Task statement
The reply should contain every entry exactly as given, with no pictures in it.
+++++
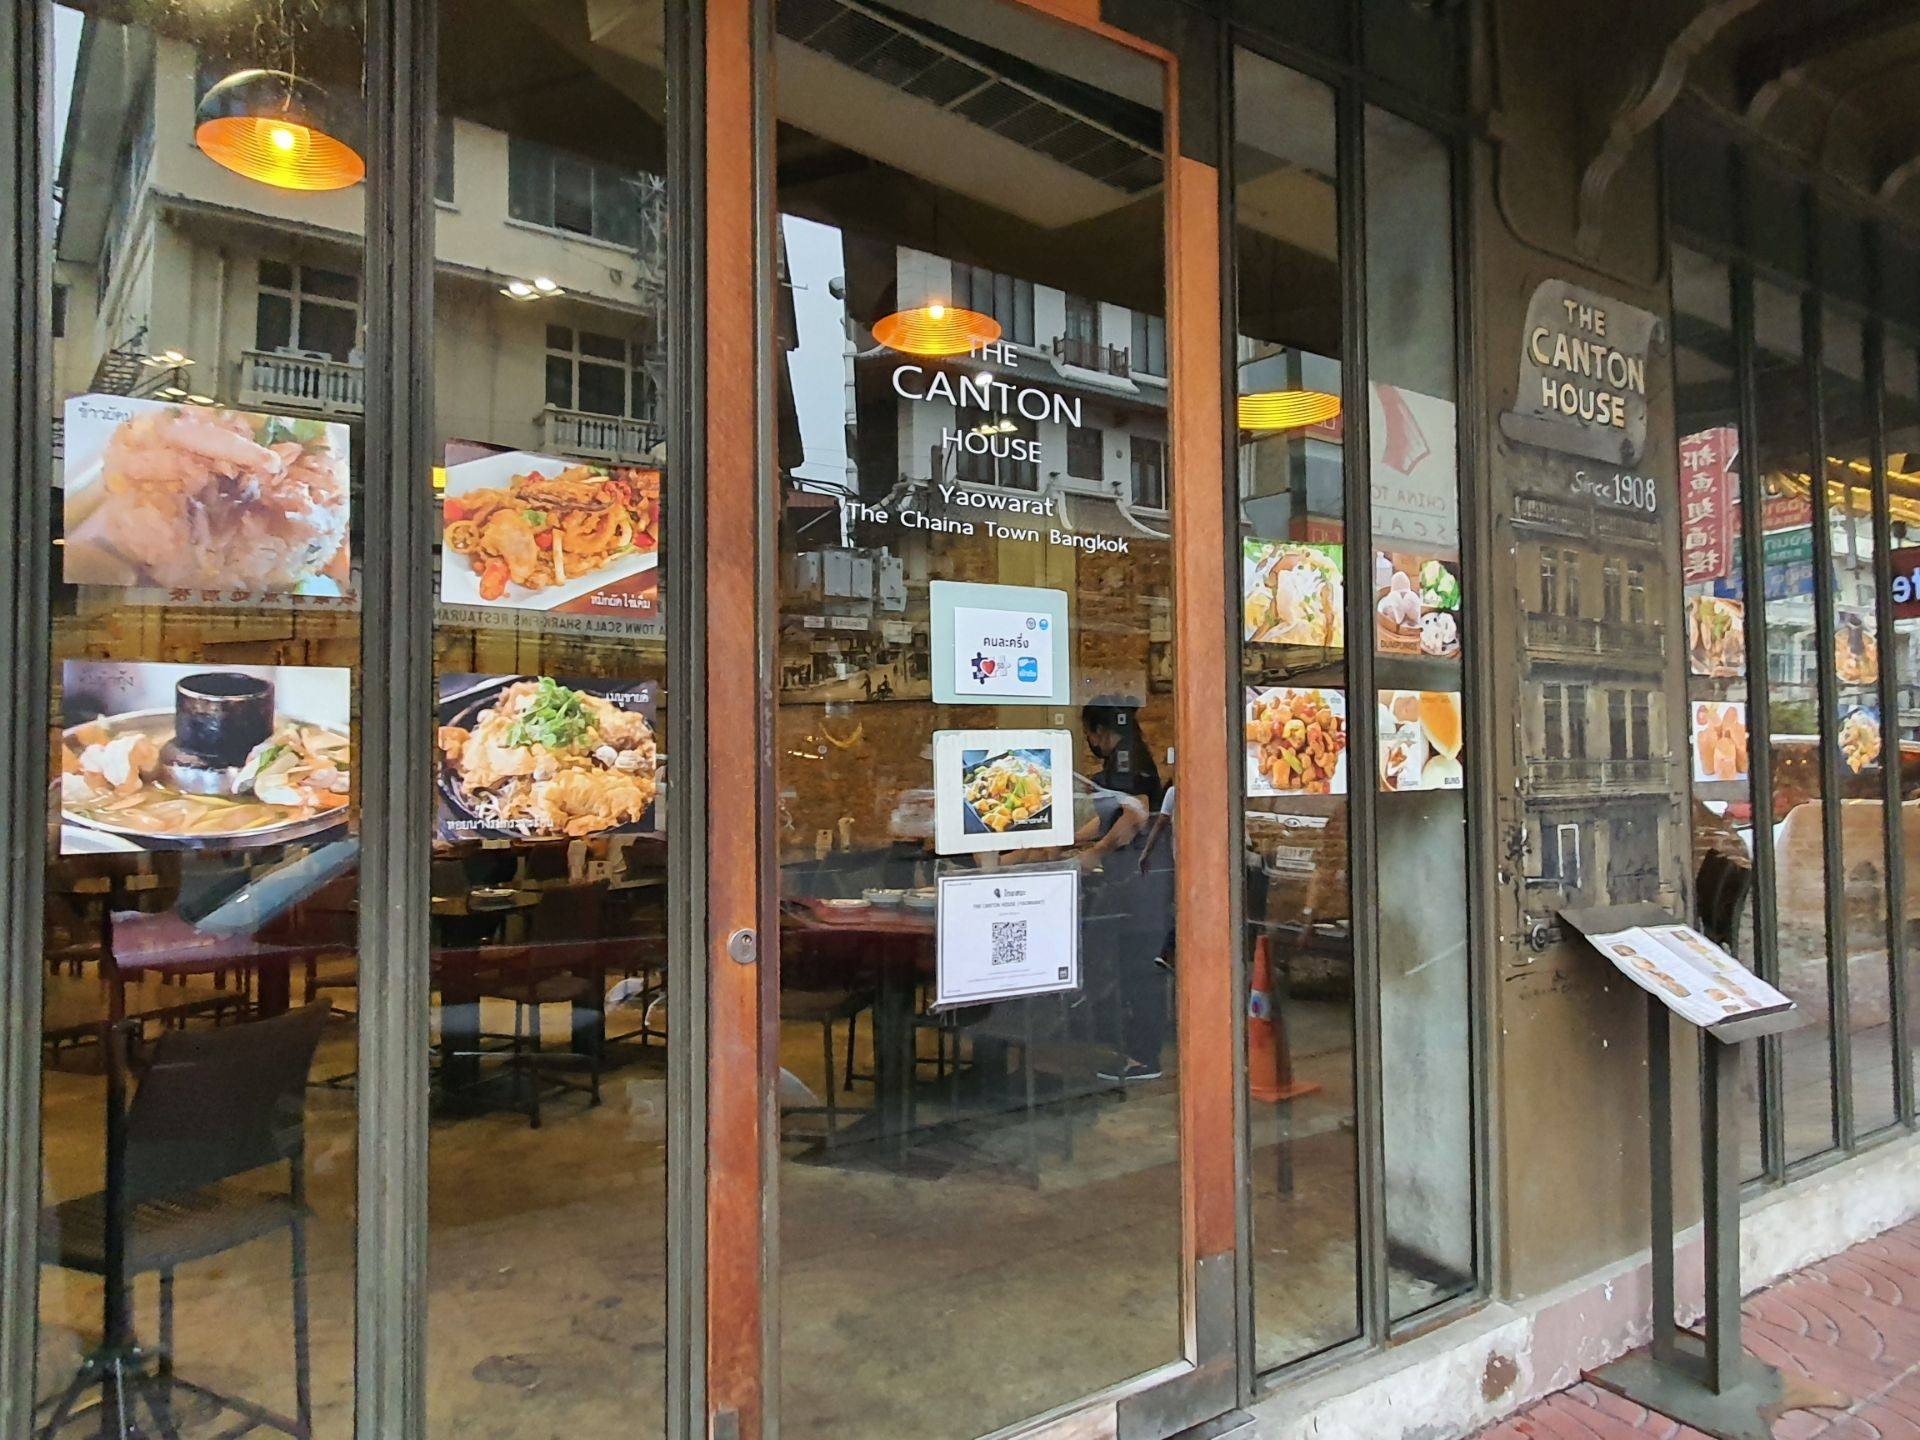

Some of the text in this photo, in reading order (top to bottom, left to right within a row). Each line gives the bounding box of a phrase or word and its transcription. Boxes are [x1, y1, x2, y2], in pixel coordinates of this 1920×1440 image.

[1563, 299, 1606, 337] THE
[966, 334, 1019, 368] THE
[1532, 326, 1645, 395] CANTON
[892, 365, 1082, 429] CANTON
[1541, 376, 1625, 428] HOUSE
[942, 427, 1043, 464] HOUSE
[938, 484, 1055, 518] Yaowarat
[1613, 474, 1657, 513] 1908
[847, 502, 1130, 556] The Chaina Town Bangkok
[983, 633, 1030, 649] คนละครึ่ง
+++++
Solution for this exercise
Some of the text in this photo, in reading order (top to bottom, left to right within a row). Each line gives the bounding box of a phrase or word and its transcription. Boxes are [x1, y1, x2, y2], in pixel coordinates of this 1920×1440 image.

[1563, 299, 1606, 337] THE
[966, 334, 1019, 368] THE
[1532, 326, 1645, 395] CANTON
[892, 365, 1082, 429] CANTON
[1541, 376, 1625, 428] HOUSE
[942, 427, 1043, 464] HOUSE
[938, 484, 1055, 518] Yaowarat
[1613, 474, 1657, 513] 1908
[847, 502, 1130, 556] The Chaina Town Bangkok
[983, 633, 1030, 649] คนละครึ่ง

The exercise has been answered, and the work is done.